■ **TASK INSTRUCTIONS**: Which lines run from the line containing "this 2048×1529 image." through the end of the records below? Reproduce them exactly, and nothing else.

[Data records]

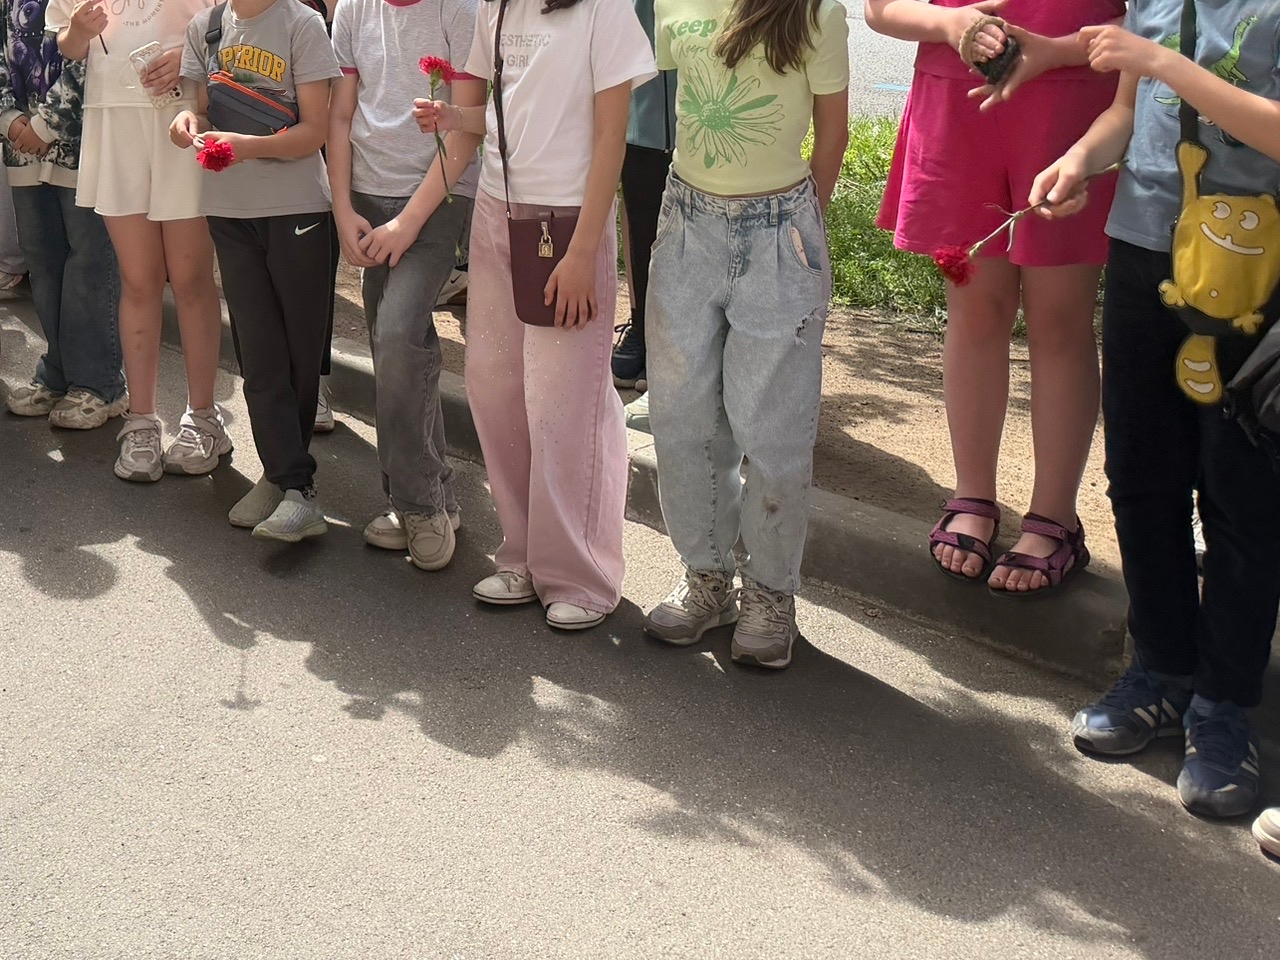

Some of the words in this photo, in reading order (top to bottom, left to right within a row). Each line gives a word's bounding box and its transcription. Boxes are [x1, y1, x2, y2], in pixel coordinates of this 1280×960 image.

[667, 19, 718, 40] Keep
[500, 34, 551, 48] ESTHETIC
[218, 44, 287, 83] PERIOR
[506, 54, 530, 68] GIRL
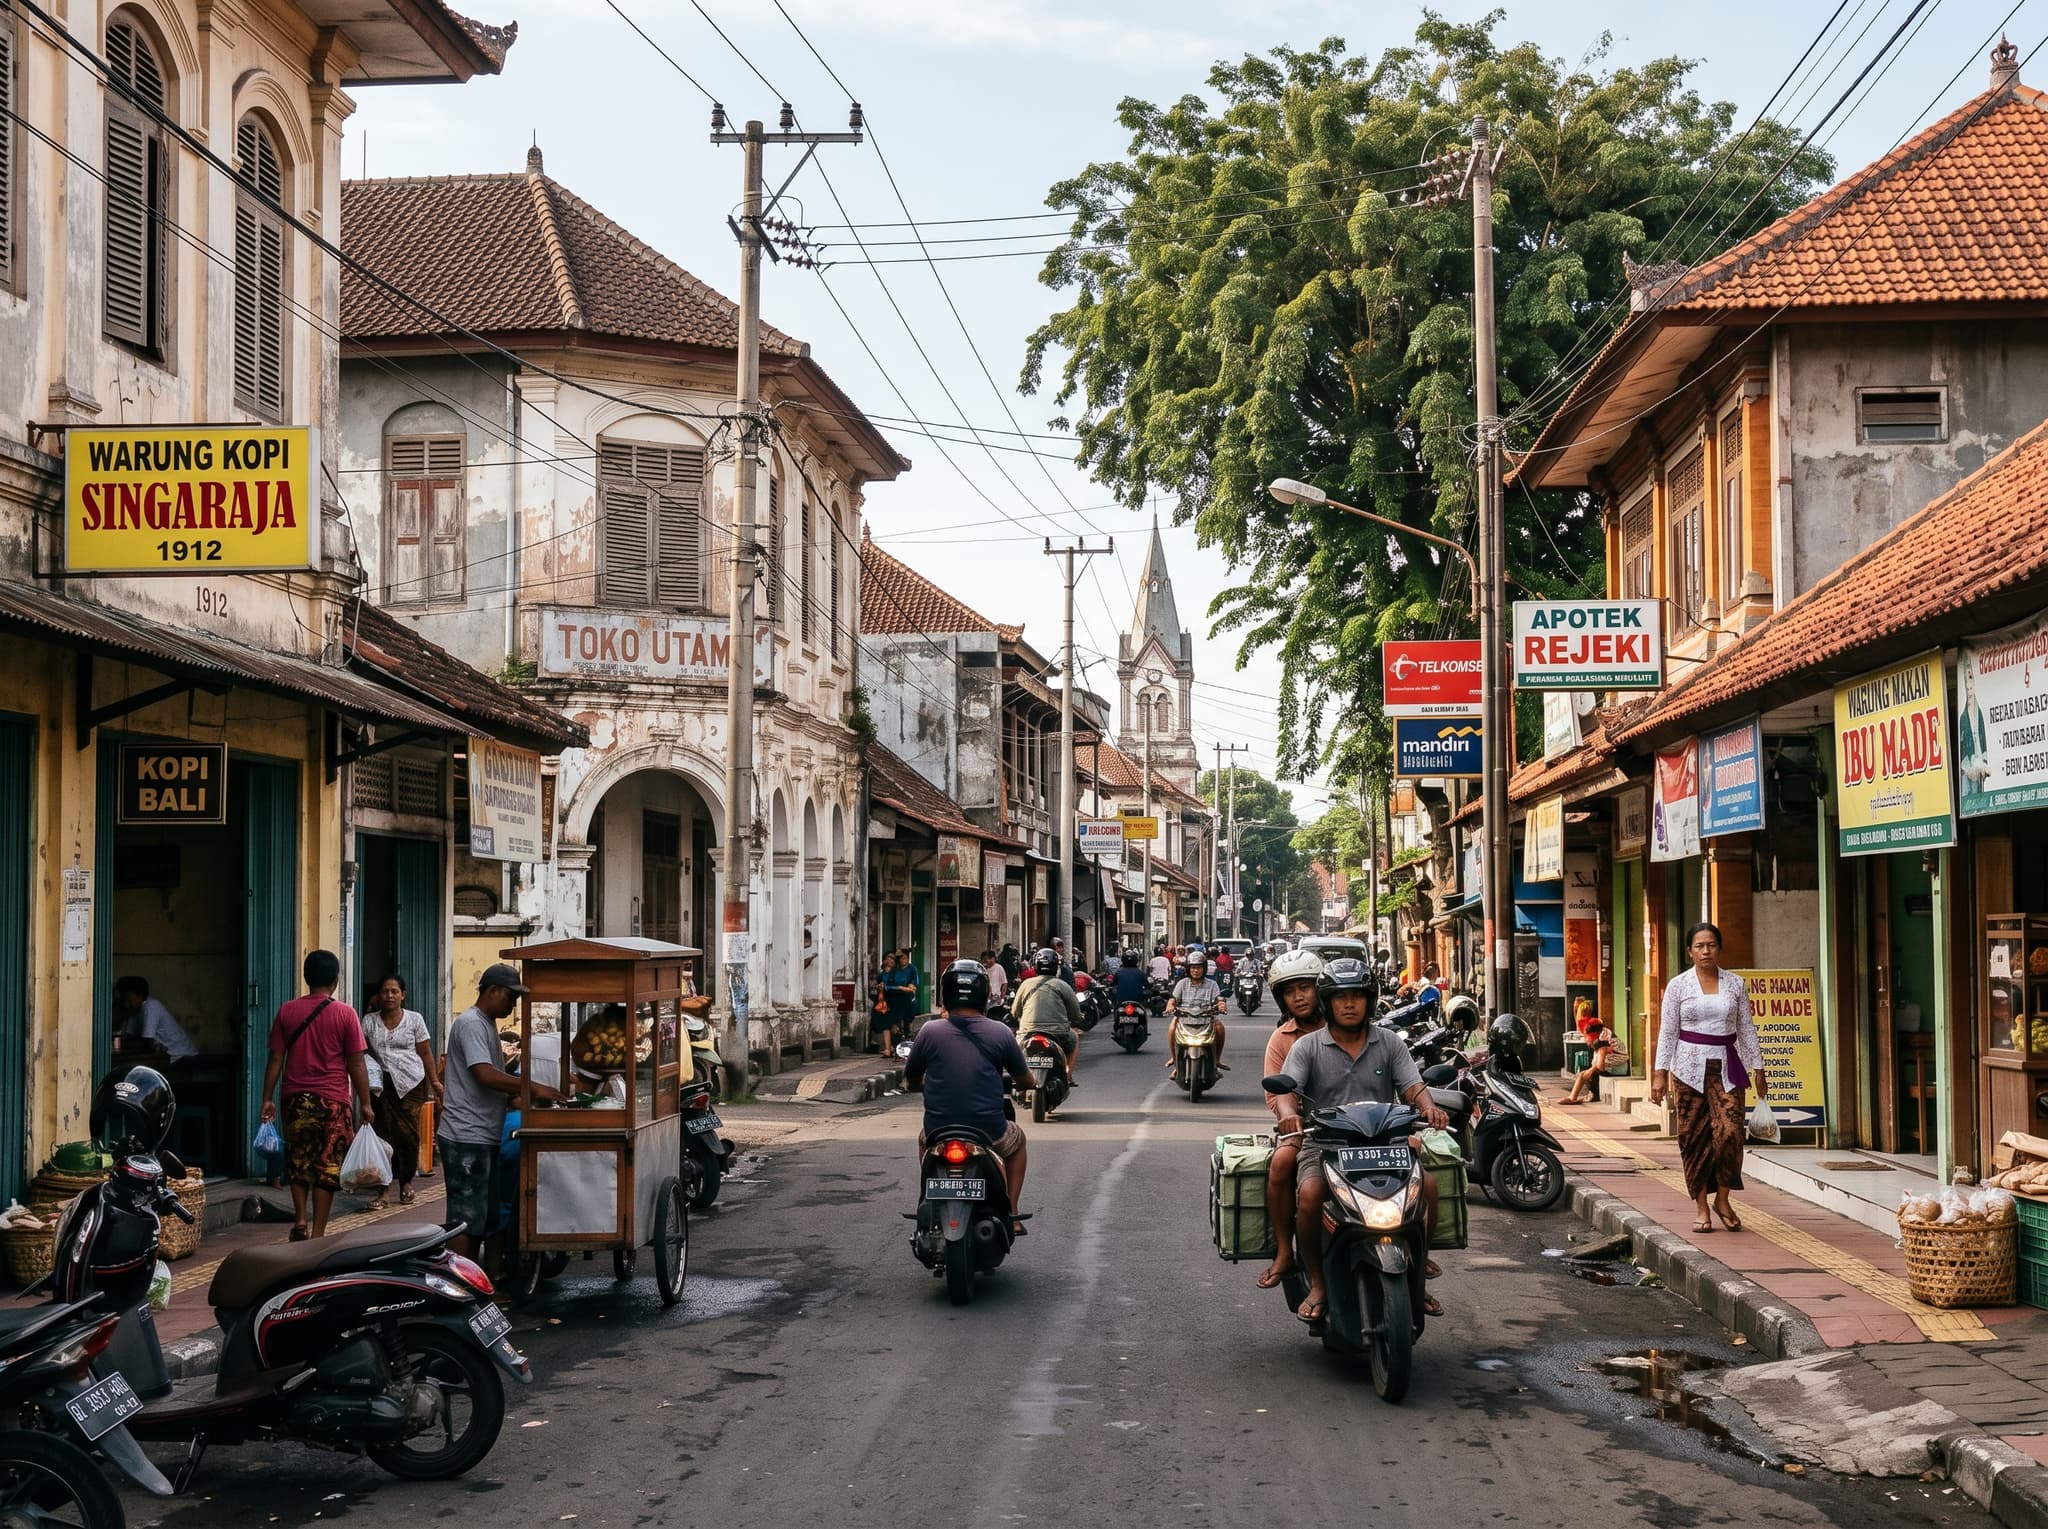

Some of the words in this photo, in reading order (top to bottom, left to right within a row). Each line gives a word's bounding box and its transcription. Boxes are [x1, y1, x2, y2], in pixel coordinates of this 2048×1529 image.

[89, 440, 213, 472] WARUNG
[223, 439, 289, 470] KOPI
[81, 481, 297, 535] SINGARAJA
[157, 540, 222, 561] 1912
[196, 586, 228, 618] 1912
[1530, 607, 1642, 629] APOTEK
[558, 624, 640, 663] TOKO
[652, 630, 731, 667] UTAM
[1525, 634, 1650, 664] REJEKI
[1418, 660, 1483, 673] TELKOMSE
[1847, 680, 1890, 719] WARUNG
[1892, 666, 1930, 706] MAKAN
[1842, 725, 1876, 786] IBU
[1879, 708, 1943, 780] MADE
[137, 756, 209, 780] KOPI
[139, 787, 206, 811] BALI
[1749, 999, 1766, 1017] BU
[1770, 999, 1812, 1017] MADE

■ **RESULT OF THE TASK**:
Some of the words in this photo, in reading order (top to bottom, left to right within a row). Each line gives a word's bounding box and its transcription. Boxes are [x1, y1, x2, y2], in pixel coordinates of this 2048×1529 image.

[89, 440, 213, 472] WARUNG
[223, 439, 289, 470] KOPI
[81, 481, 297, 535] SINGARAJA
[157, 540, 222, 561] 1912
[196, 586, 228, 618] 1912
[1530, 607, 1642, 629] APOTEK
[558, 624, 640, 663] TOKO
[652, 630, 731, 667] UTAM
[1525, 634, 1650, 664] REJEKI
[1418, 660, 1483, 673] TELKOMSE
[1847, 680, 1890, 719] WARUNG
[1892, 666, 1930, 706] MAKAN
[1842, 725, 1876, 786] IBU
[1879, 708, 1943, 780] MADE
[137, 756, 209, 780] KOPI
[139, 787, 206, 811] BALI
[1749, 999, 1766, 1017] BU
[1770, 999, 1812, 1017] MADE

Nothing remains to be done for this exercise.